I pull my stainless-steel cup from my pack. It’s dented and slightly charred, but still solid. After filling it with water, I place it close to the fire. While I wait for the water to heat I force myself to eat a fingerful of peanut butter. After not eating for so long, I’d have thought even my least favorite food would be ambrosial, but it’s disgusting, thick and salty, and it sticks to the roof of my mouth. I prod the gummy mass with my dry tongue, thinking I must look as ridiculous as a dog. I should have pretended an allergy on the application; then they would have needed to leave me something else. Or maybe I wouldn’t have been selected at all. My brain is too tight to consider the implications of not being chosen, where I would be right now.

Finally, the water boils. I give any microbes a few minutes to die, then use my ragged jacket sleeve as a potholder and pull the cup from the flame. Once the bubbles die down, I pour the boiled water into one of my Nalgenes, filling it about a third of the way.

The second batch heats more quickly. Into the Nalgene the water goes, and after a third round of boiling the bottle is full. I tighten its cap, then jam it into the muddy bottom of the stream, so that the cold water flows over the plastic almost to the rim. The blue bandana drifts with the current. By the time I’ve filled the second bottle, the first is nearly cold. I fill the cup and place it to boil yet again, then drink four ounces from the cooled bottle, washing peanut-butter residue down my throat. I wait a few minutes, drink four more ounces. In these short, spaced bursts I finish the bottle. The cup is boiling again and I can feel the membranes of my brain rehydrating. My headache retreats. All this work is probably unnecessary; the stream is clear and quick. Odds are the water’s safe, but I took that bet once before and lost.
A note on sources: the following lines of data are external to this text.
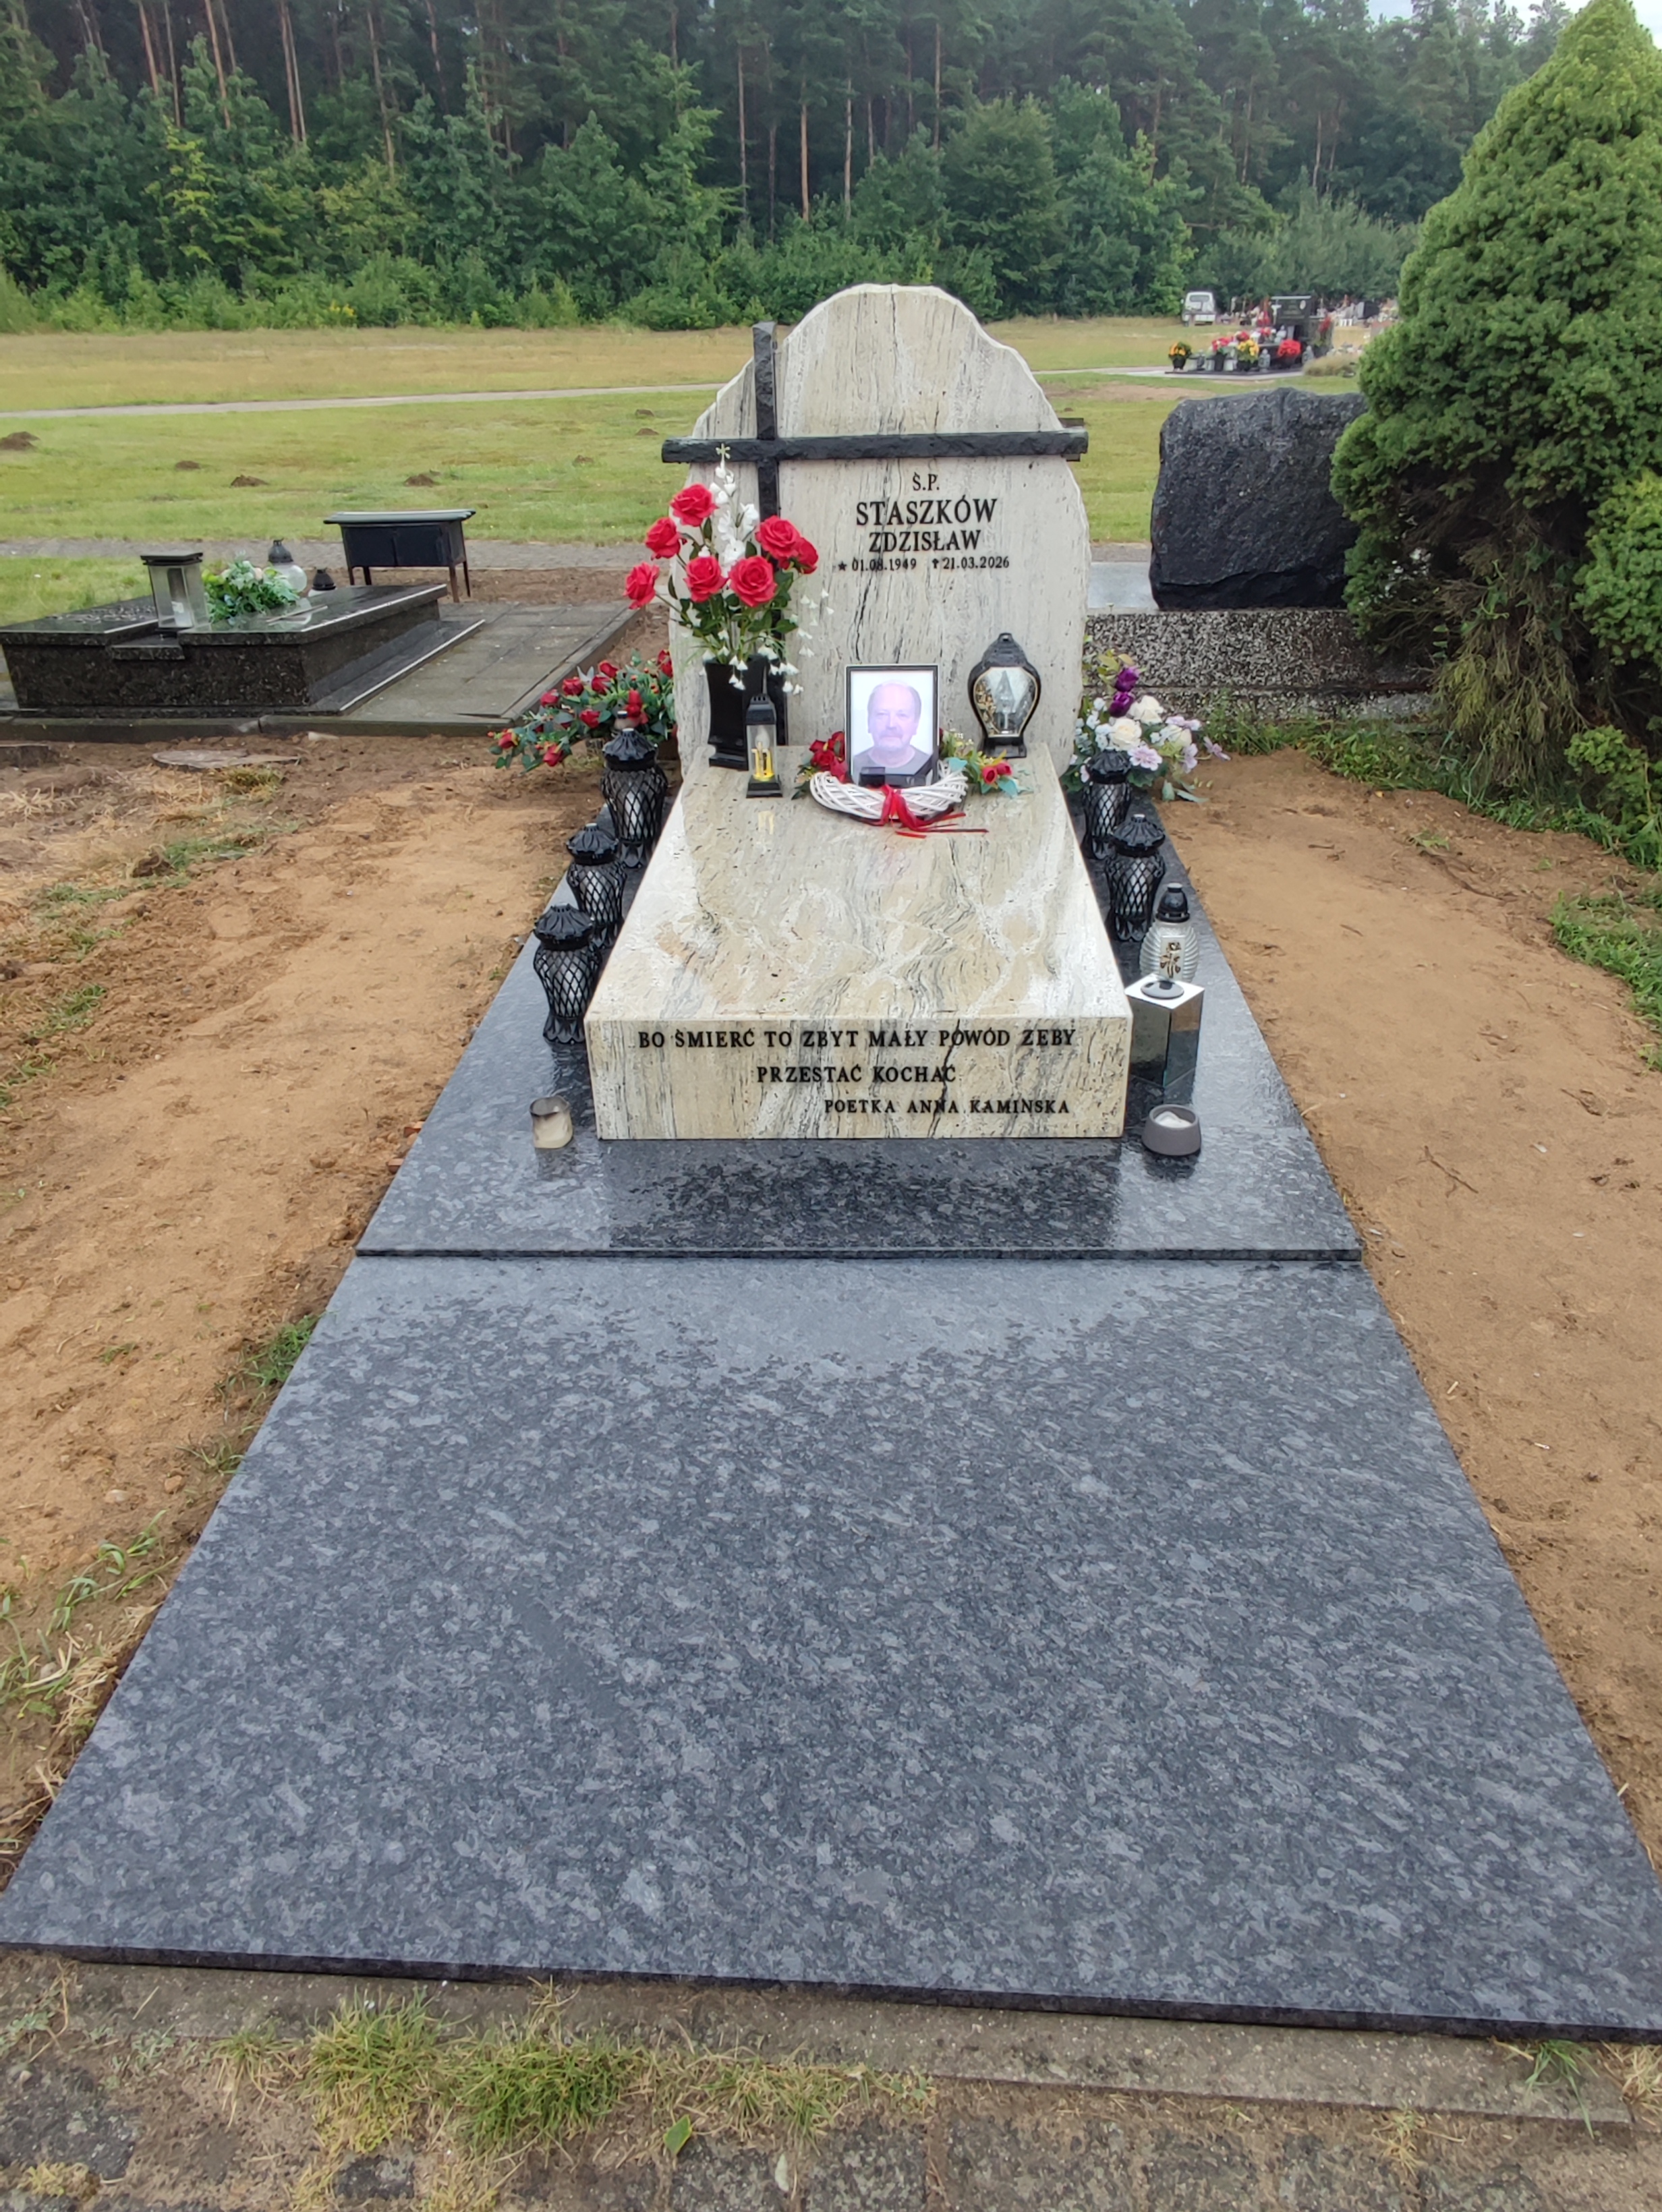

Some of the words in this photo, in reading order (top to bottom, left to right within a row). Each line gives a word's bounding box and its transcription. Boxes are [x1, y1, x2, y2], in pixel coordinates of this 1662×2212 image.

[855, 495, 998, 526] STASZKÓW
[869, 530, 981, 552] ZDZISŁAW
[942, 556, 1010, 569] 21.03.2026
[638, 1031, 665, 1048] BO
[764, 1031, 793, 1047] TO
[803, 1030, 859, 1047] ZBYT
[869, 1030, 929, 1047] MAŁY
[938, 1027, 1010, 1046] POWÓD
[757, 1064, 862, 1083] PRZESTAĆ
[872, 1064, 956, 1082] KOCHAĆ
[824, 1100, 896, 1113] POETKA
[907, 1099, 959, 1113] ANNA
As I pour the latest batch of water into my bottle, I realize that I haven’t built my shelter yet, and the sky is clouded as though for rain. Fading light tells me I don’t have long. I push myself to my feet, wincing against the tightness in my hips. I collect five heavy branches from the woods and brace these against the leeward side of the fallen tree, longest to shortest, creating a triangular frame just wide enough to slip into. I pull a black garbage bag from my pack—a parting gift from Tyler, unexpected but appreciated—and spread it over the frame. As I scoop up armfuls of dead leaves and pile them atop the plastic bag, I think of the priorities of survival.
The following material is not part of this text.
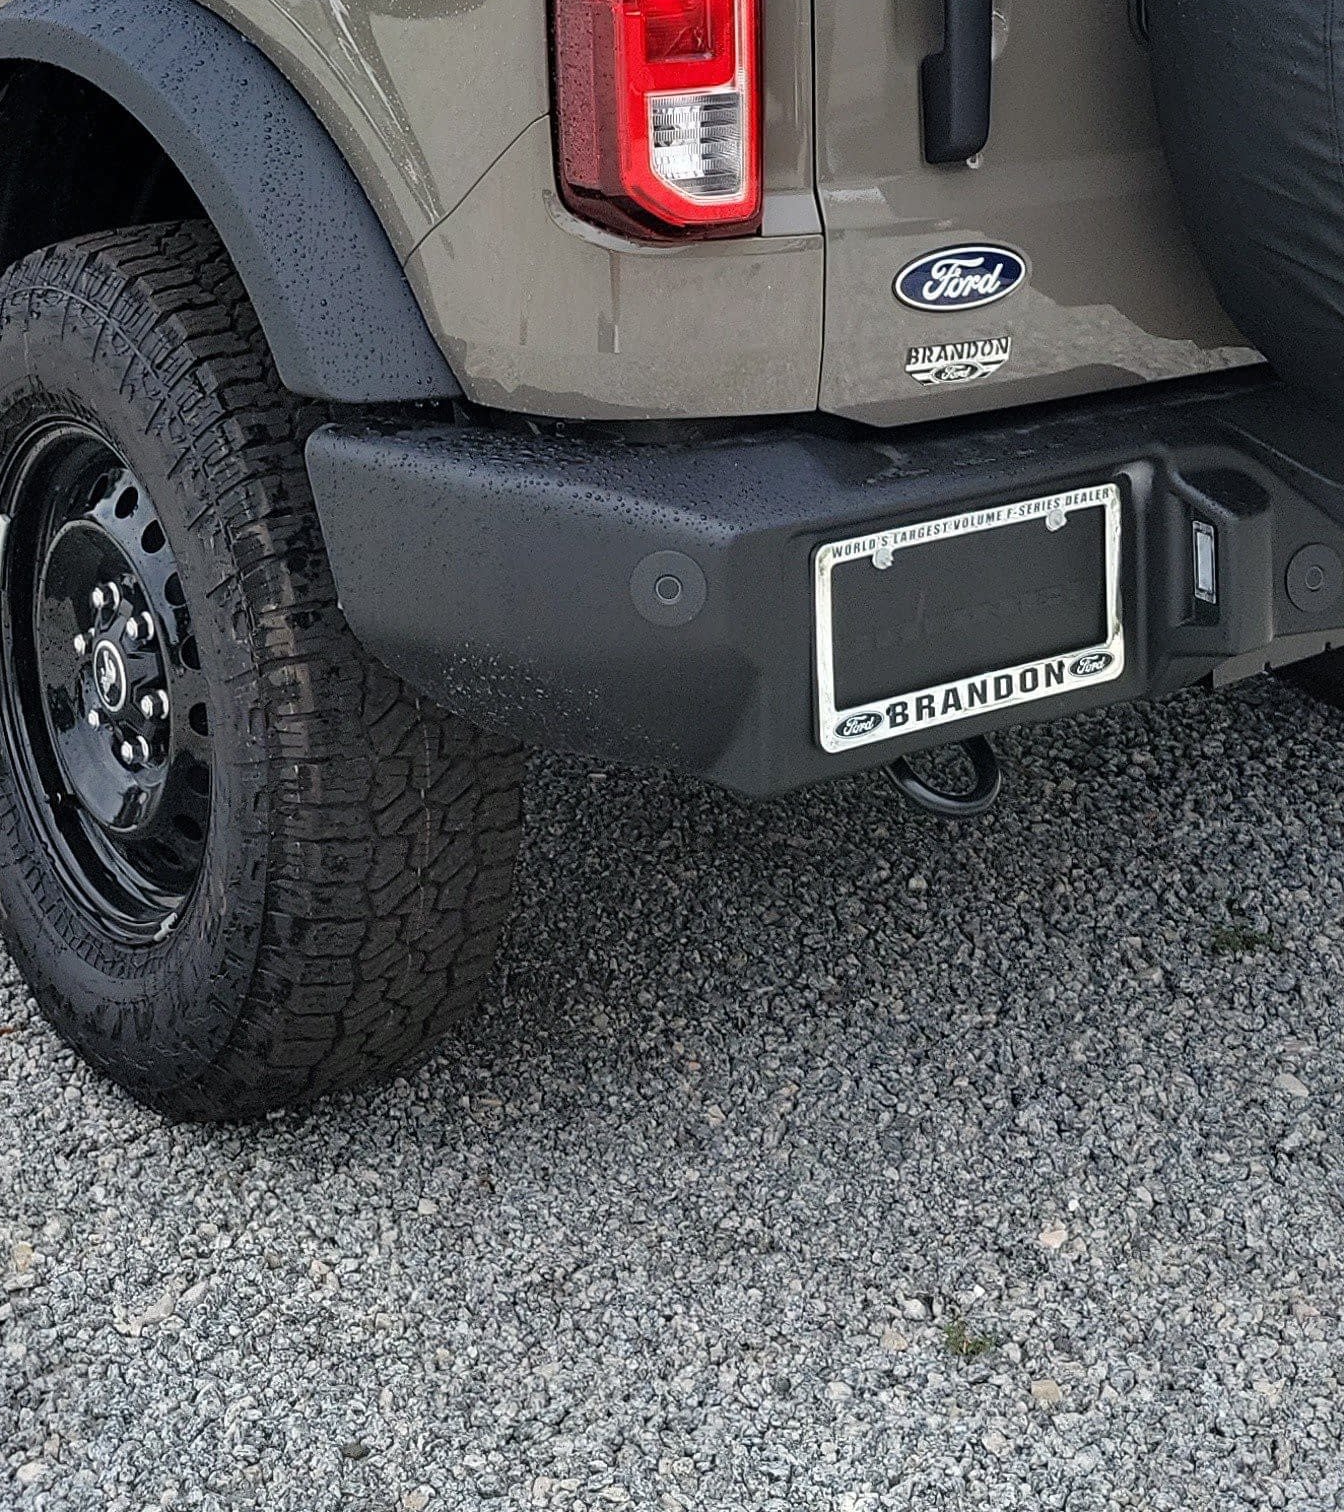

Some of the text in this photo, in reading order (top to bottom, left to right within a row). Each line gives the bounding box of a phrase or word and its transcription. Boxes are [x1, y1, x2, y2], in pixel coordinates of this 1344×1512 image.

[922, 256, 1004, 301] Ford
[907, 337, 1008, 366] BRANDON
[831, 487, 1110, 559] WORLD'S LARGEST VOLUME F-SERIES DEALER
[843, 653, 1107, 736] Ford BRANDON Ford
The rules of three. A bad attitude can kill you in three seconds; asphyxiation can kill you in three minutes; exposure in three hours; dehydration in three days; and starvation in three weeks—or is it three months? Regardless, starvation is the least of my concerns. As weak as I feel, it hasn’t been that long since I ate. Six or seven days at most, and that’s generous. As for exposure, even if it rains tonight it won’t be cold enough to kill me. Even without a shelter, I’d be wet and miserable but probably not in danger.